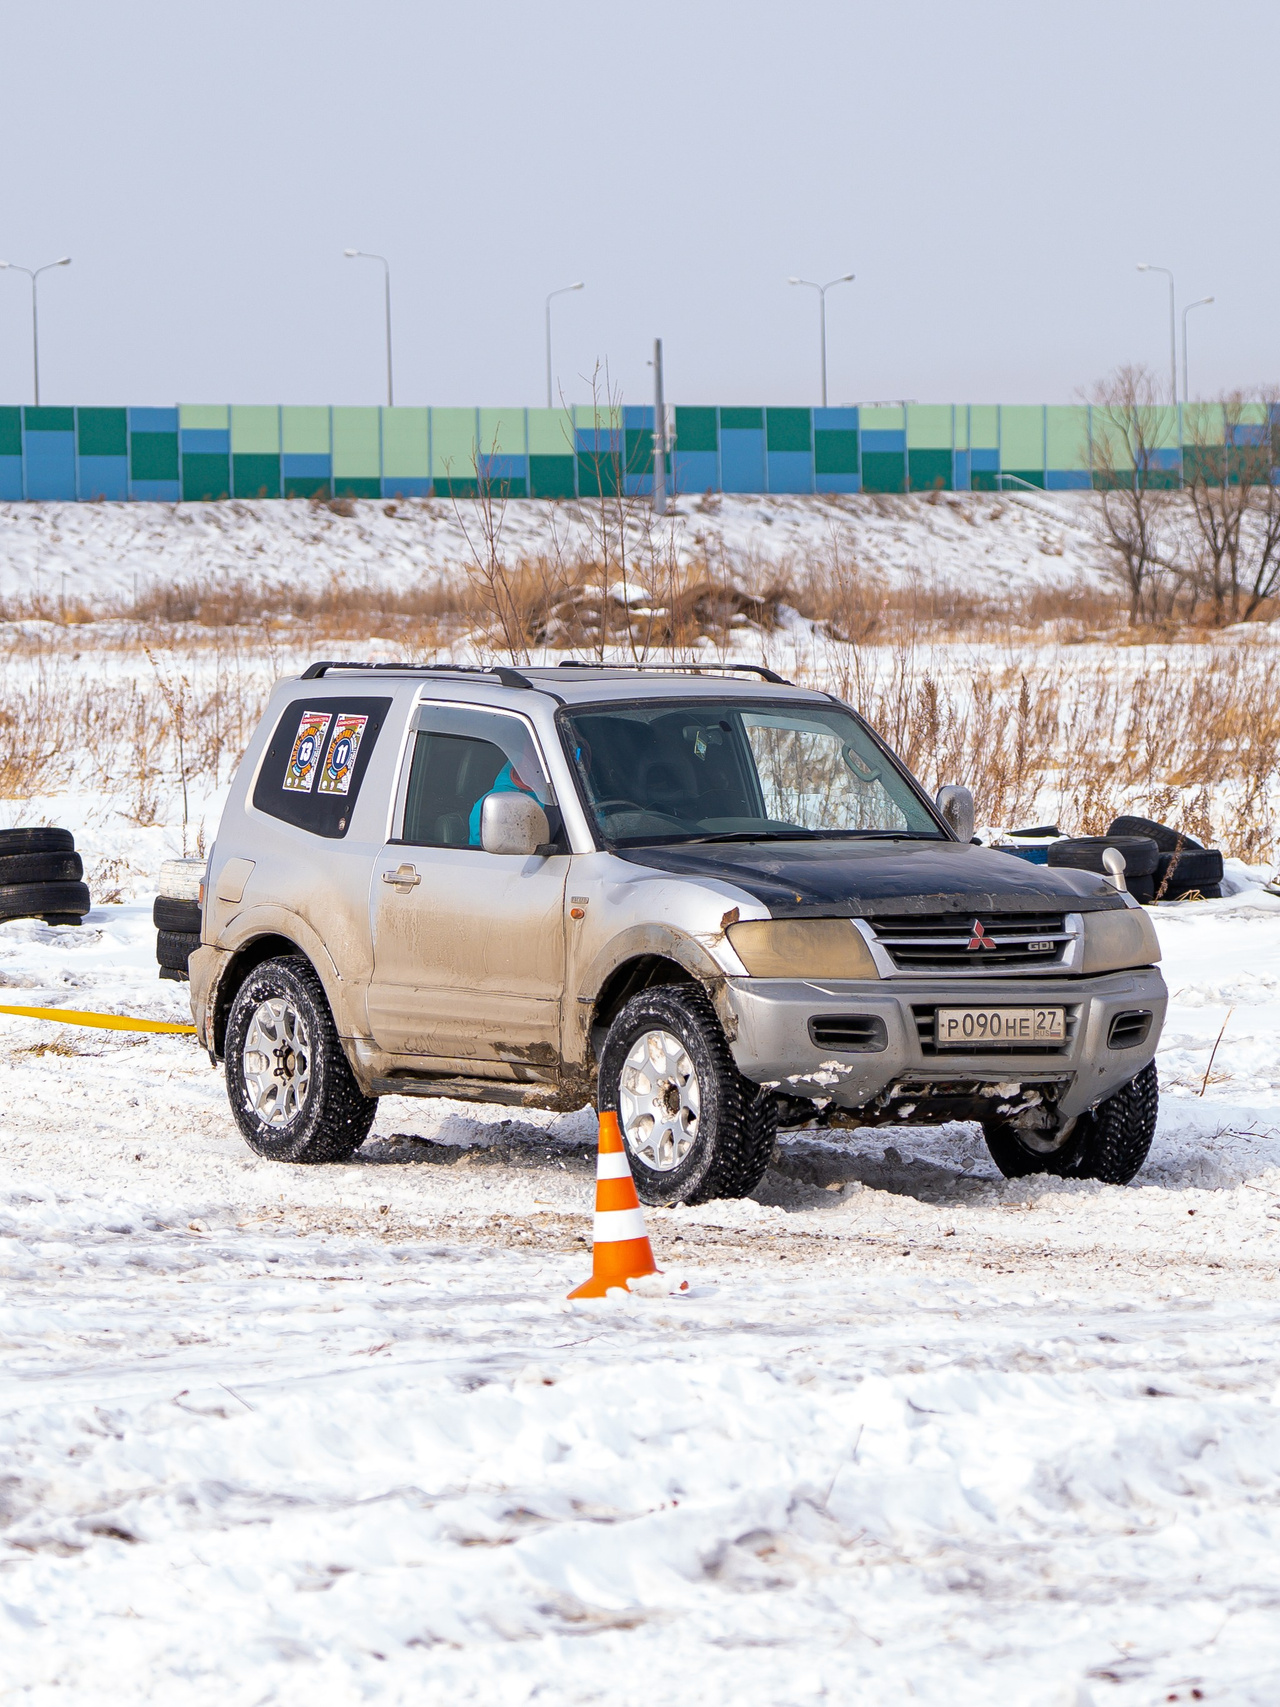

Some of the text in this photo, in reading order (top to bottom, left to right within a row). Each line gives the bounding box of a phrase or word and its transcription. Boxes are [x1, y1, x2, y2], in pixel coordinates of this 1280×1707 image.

[299, 741, 313, 762] 13
[336, 744, 348, 764] 11
[1028, 941, 1054, 951] GDI
[1036, 1011, 1057, 1030] 27
[1035, 1029, 1050, 1037] RUS
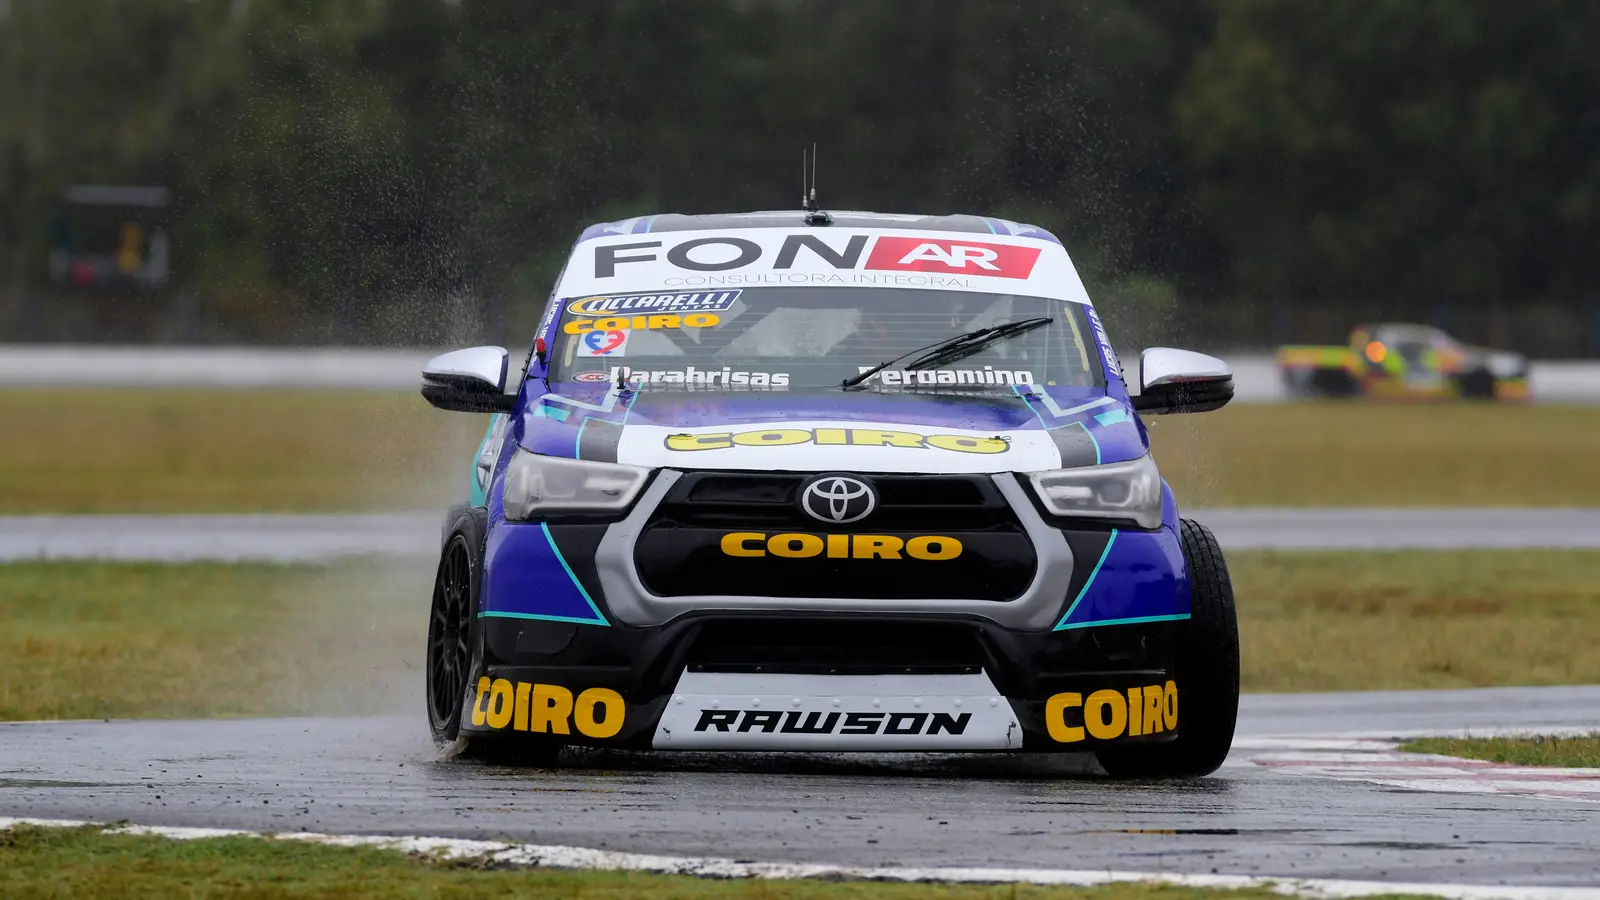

□ □ □ □

## Task prompt
The records above need retyping in full. Omit the pictures, and change nothing else.

## Result
Some of the text in this photo, in reading order (top to bottom, left to right within a row). Each line gives the bounding box of a phrase or word and its transcription. Boxes are [x1, y1, x2, y2], in pixel coordinates of this 1280×1707 image.

[299, 741, 313, 762] 13
[336, 744, 348, 764] 11
[1028, 941, 1054, 951] GDI
[1036, 1011, 1057, 1030] 27
[1035, 1029, 1050, 1037] RUS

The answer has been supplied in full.